Hay personas que saben que el mayor sabio, el que tiene las cosas resueltas no es el rico de la libertad financiera, no es el de los followers, no es el que tiene su nombre en la portada de tantos libros publicados hace miles de años y que se siguen leyendo hoy. No es ni siquiera Dios.
En esta definición de sabiduría están los animales, las bacterias, los árboles y las piedras. Tan presentes y tan lejanos de tener una pretensión de describir su estado. Viven sin que ningún tipo de gurú les ponga una expectativa para que se comparen con ese ideal. El árbol no envidia a otros árboles y luego te cuenta de su envidia para sentirse mejor sobre sí mismo y que sepas que está caminando el camino de la consciencia. El árbol y sus insectos viven al filo de la existencia al grado de que una lluvia, una pisada, o una espolvoreada de glifosato, los desaparece sin que ellos puedan y tal vez quieran poner algo de resistencia.
Pero otra vez veo mi pendejez.
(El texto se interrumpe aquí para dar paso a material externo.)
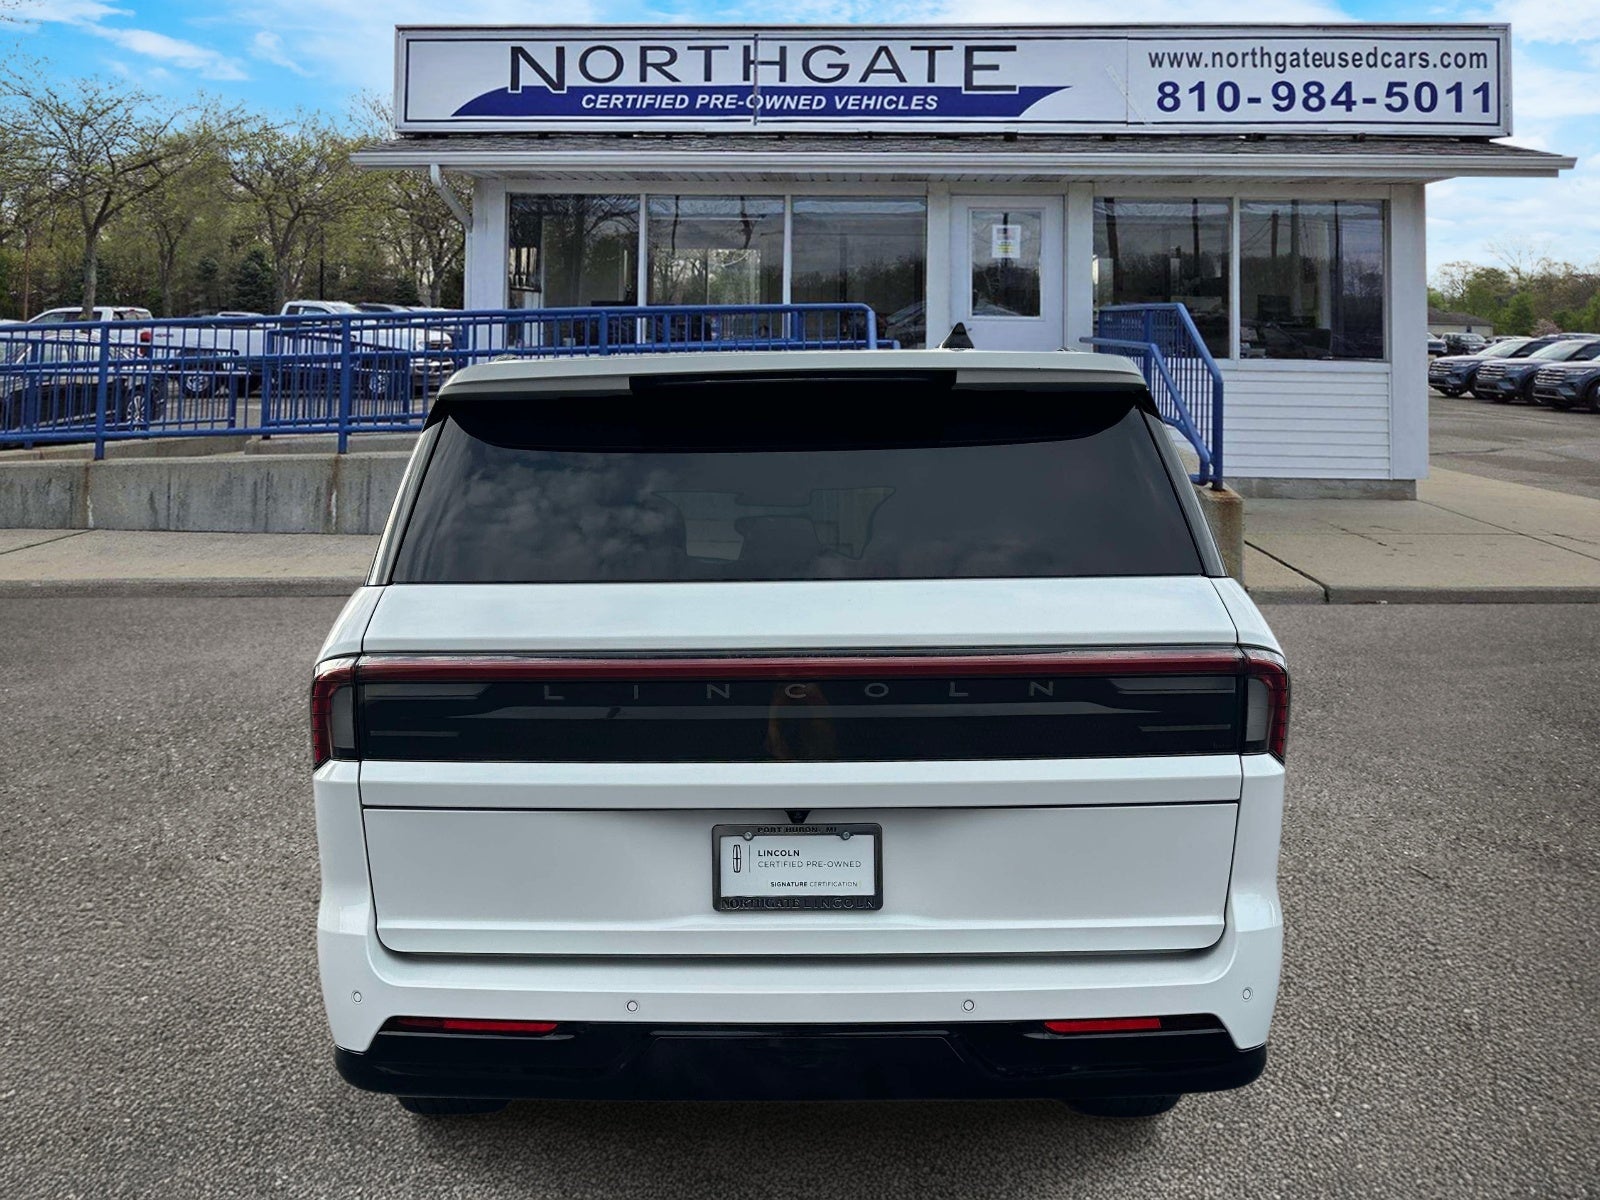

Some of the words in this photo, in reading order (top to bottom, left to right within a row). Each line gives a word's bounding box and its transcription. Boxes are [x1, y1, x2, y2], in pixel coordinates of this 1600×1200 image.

[508, 45, 1019, 93] NORTHGATE
[1148, 46, 1488, 73] www.northgateusedcars.com
[581, 94, 689, 110] CERTIFIED
[695, 94, 827, 111] PRE-OWNED
[833, 95, 939, 111] VEHICLES
[1156, 80, 1490, 113] 810-984-5011
[543, 680, 1055, 701] LINCOLN
[757, 849, 800, 857] LINCOLN
[757, 860, 803, 868] CERTIFIED
[806, 860, 862, 868] PRE-OWNED
[721, 899, 800, 909] NORTHGATE
[803, 898, 876, 909] LINCOLN
Tratando de encontrar una narrativa, otra historia más en la cual meterme, en la cual sentir que comprendo la vida, que comprendo algo.
Cuando medito me cuento la historia del meditador. Cuando rezo me doy una palmada en la espalda por haberla doblado en reverencia ante lo magnánimo de la realidad. Ya estoy harto de pensarme en el camino de la consciencia. De ponerme una expectativa que ni me he tomado el tiempo de definir.
“Libertad financiera.” “Iluminación.” “Trascendencia.” “Comprensión.” “Éxito.”
Más bien pendejo por repetirme estas palabras al abrir los ojos en medio de la caída.